[Referring expression grounding data]
########################################

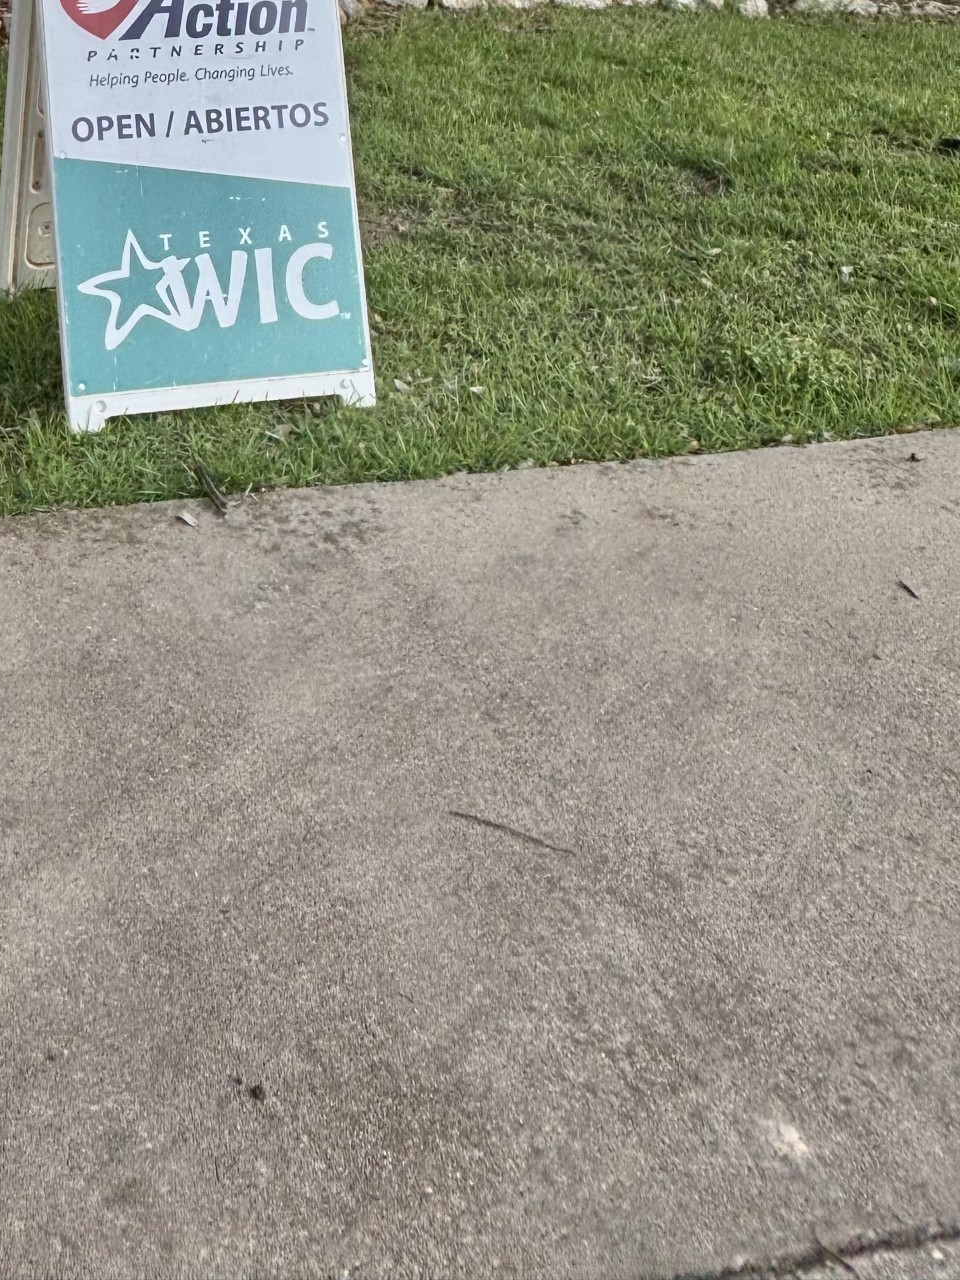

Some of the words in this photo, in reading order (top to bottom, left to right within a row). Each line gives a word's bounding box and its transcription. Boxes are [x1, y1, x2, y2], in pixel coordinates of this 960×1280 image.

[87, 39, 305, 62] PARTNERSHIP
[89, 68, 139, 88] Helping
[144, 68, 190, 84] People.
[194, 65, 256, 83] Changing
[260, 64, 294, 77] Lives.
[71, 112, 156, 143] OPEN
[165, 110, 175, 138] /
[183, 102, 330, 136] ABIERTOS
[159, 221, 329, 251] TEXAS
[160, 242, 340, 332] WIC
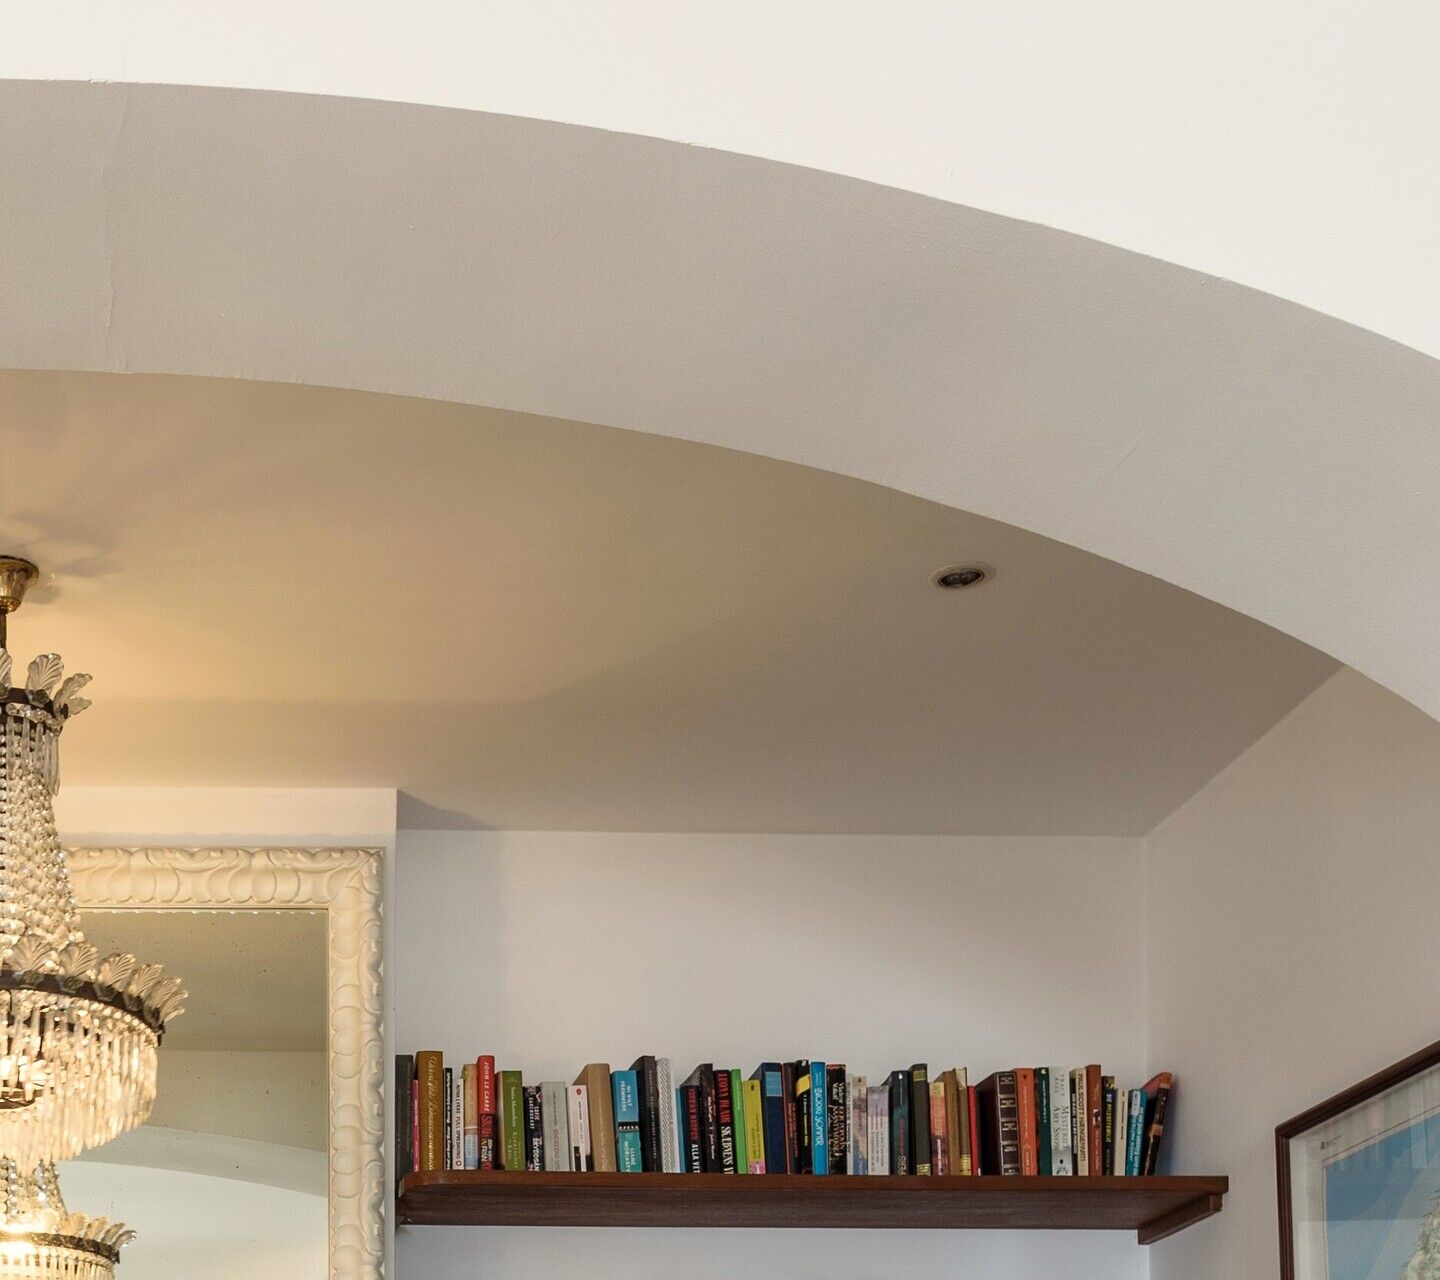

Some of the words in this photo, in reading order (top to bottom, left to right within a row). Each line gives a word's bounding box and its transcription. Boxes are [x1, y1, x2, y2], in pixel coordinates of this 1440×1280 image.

########################################

Description of the task:
Repeat the lines above exactly, and keep every picture out.

Your solution:
Some of the words in this photo, in reading order (top to bottom, left to right within a row). Each line gives a word's bounding box and its transcription. Boxes are [x1, y1, x2, y2], in pixel coordinates of this 960×1280 image.

[87, 39, 305, 62] PARTNERSHIP
[89, 68, 139, 88] Helping
[144, 68, 190, 84] People.
[194, 65, 256, 83] Changing
[260, 64, 294, 77] Lives.
[71, 112, 156, 143] OPEN
[165, 110, 175, 138] /
[183, 102, 330, 136] ABIERTOS
[159, 221, 329, 251] TEXAS
[160, 242, 340, 332] WIC

Some of the words in this photo, in reading order (top to bottom, left to right within a row). Each line gives a word's bounding box and its transcription. Boxes are [x1, y1, x2, y2], in pixel coordinates of this 1440×1280 image.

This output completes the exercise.